Item 5. Interest in Securities of the Issuer.
The
disclosure in Item 5 is hereby amended and restated as follows:
(a) and (b) Cambridge Equities beneficially owns, in the aggregate, 40,575,814
shares of Common Stock, representing approximately 41.2% of the outstanding Common Stock of NantKwest. MP 13 Ventures and Dr. Soon-Shiong may be deemed to beneficially own, and share voting power and investment power with Cambridge
Equities over, all shares of Common Stock beneficially owned by Cambridge Equities.
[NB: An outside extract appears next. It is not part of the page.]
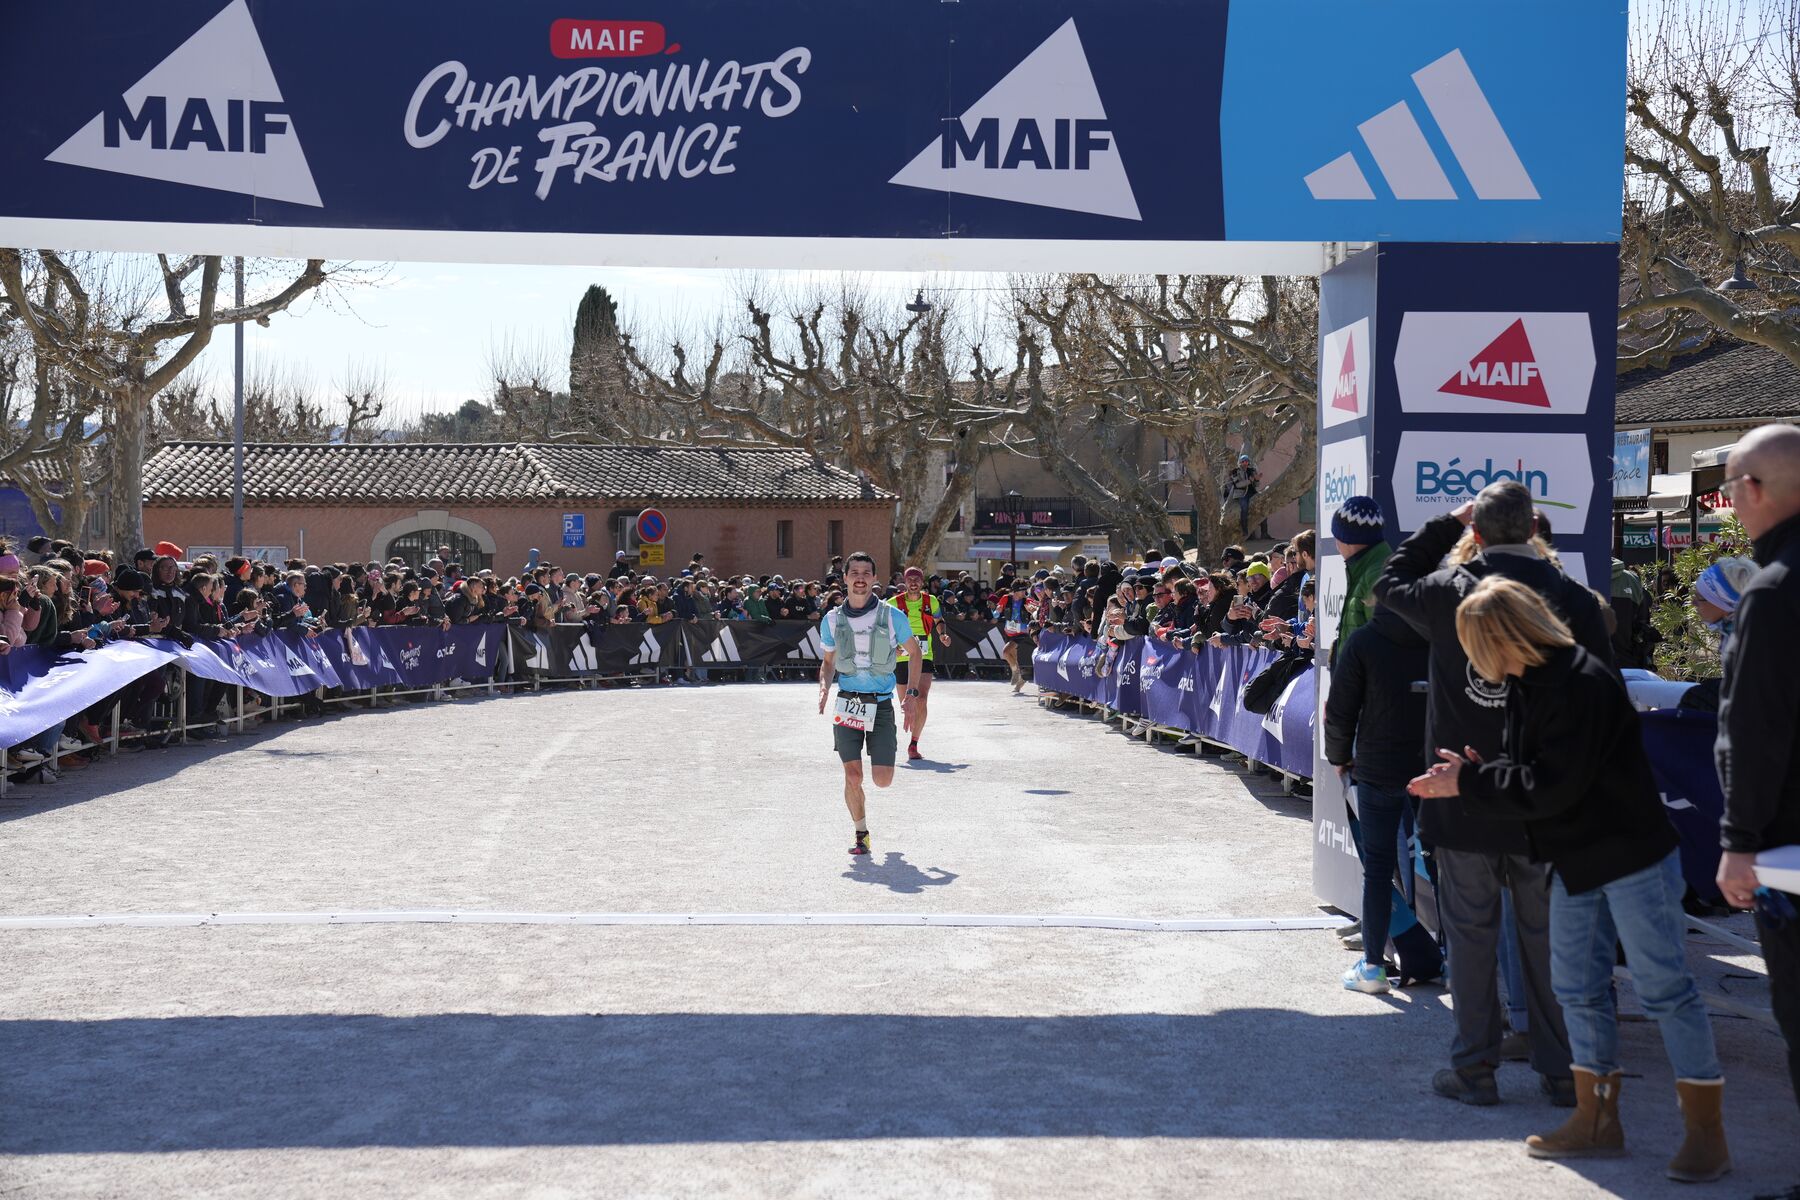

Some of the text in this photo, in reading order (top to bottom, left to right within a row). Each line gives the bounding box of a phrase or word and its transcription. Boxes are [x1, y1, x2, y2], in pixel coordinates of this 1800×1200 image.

The Foundation beneficially owns, in the aggregate, 5,618,326 shares
of Common Stock, representing approximately 5.7% of the outstanding Common Stock of the Company. Dr. Soon-Shiong may be deemed to beneficially own, and share voting power and investment power over, all shares of Common Stock beneficially owned
by the Foundation.
Dr. Soon-Shiong also beneficially owns 20,940,750 shares of Common Stock, which consists of 20,040,750 shares of Common Stock
directly owned by Dr. Soon-Shiong and an option to purchase 900,000 shares of Common Stock held by Dr. Soon-Shiong that is fully vested. Dr. Soon-Shiong has the sole power to vote or direct the vote, and the sole power to dispose or
direct the disposition, of all such 20,940,750 shares of Common Stock. As a result, Dr. Soon-Shiong may be deemed to beneficially own, in the aggregate, 67,134,890 shares of Common Stock, representing approximately 67.5% of the outstanding
Common Stock of the Issuer.
For purposes of this Item 5(a) and (b), the percentages are calculated based upon (x) the shares of the
Issuers Common Stock beneficially owned by the Reporting Person, divided by (y) the sum of (i) 79,087,734 shares of the Issuers Common Stock outstanding, as set forth in the Issuers Annual Report on Form
10-K
for the year ended December 31, 2018, filed with the SEC on March 13, 2019, (ii) 19,440,750 shares that were issued upon the exercise of an option and warrant held by Dr. Patrick Soon-Shiong
on March 21, 2019; and (iii) in the case of Dr. Soon-Shiong only, an option to purchase 900,000 shares of Common Stock held by Dr. Soon-Shiong that is fully vested .
(c) The information set forth in Item 3 above is hereby incorporated by reference in response to this Item 5(c).
(d) To the knowledge of the Reporting Persons, other than as described in this Schedule 13D, no other person is known to have the right to receive or the
power to direct the receipt of dividends from, or the proceeds from the sale of the shares owned by it.